--- EXERCISE REQUIREMENTS ---
Reproduce the line containing "this 1682×1122 image." and every line after it through the end of the records. Include nothing else.

--- RECORDED DATA ---

[Start of Attachment]

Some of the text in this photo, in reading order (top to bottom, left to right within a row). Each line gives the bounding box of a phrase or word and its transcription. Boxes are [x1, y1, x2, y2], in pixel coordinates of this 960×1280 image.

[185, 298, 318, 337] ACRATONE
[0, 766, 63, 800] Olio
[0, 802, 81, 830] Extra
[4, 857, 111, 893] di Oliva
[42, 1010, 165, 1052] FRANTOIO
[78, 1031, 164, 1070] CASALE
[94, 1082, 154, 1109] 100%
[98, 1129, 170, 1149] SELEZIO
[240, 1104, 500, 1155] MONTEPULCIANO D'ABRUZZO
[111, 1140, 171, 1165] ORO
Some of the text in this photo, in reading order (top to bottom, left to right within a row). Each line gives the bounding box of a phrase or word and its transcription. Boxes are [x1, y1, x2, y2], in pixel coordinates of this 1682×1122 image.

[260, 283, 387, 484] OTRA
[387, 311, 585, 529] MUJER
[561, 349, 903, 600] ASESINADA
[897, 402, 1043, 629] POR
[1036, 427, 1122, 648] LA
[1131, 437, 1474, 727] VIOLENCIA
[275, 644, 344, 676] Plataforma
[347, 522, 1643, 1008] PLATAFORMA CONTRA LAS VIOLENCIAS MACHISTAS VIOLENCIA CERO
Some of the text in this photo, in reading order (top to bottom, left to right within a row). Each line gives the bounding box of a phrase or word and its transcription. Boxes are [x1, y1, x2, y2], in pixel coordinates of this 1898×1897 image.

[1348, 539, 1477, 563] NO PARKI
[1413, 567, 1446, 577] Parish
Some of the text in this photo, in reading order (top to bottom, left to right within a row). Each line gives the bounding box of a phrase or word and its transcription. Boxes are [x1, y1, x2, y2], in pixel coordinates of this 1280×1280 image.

[End of Attachment]

--- EXERCISE RESPONSE ---
Some of the text in this photo, in reading order (top to bottom, left to right within a row). Each line gives the bounding box of a phrase or word and its transcription. Boxes are [x1, y1, x2, y2], in pixel coordinates of this 1682×1122 image.

[260, 283, 387, 484] OTRA
[387, 311, 585, 529] MUJER
[561, 349, 903, 600] ASESINADA
[897, 402, 1043, 629] POR
[1036, 427, 1122, 648] LA
[1131, 437, 1474, 727] VIOLENCIA
[275, 644, 344, 676] Plataforma
[347, 522, 1643, 1008] PLATAFORMA CONTRA LAS VIOLENCIAS MACHISTAS VIOLENCIA CERO
Some of the text in this photo, in reading order (top to bottom, left to right within a row). Each line gives the bounding box of a phrase or word and its transcription. Boxes are [x1, y1, x2, y2], in pixel coordinates of this 1898×1897 image.

[1348, 539, 1477, 563] NO PARKI
[1413, 567, 1446, 577] Parish
Some of the text in this photo, in reading order (top to bottom, left to right within a row). Each line gives the bounding box of a phrase or word and its transcription. Boxes are [x1, y1, x2, y2], in pixel coordinates of this 1280×1280 image.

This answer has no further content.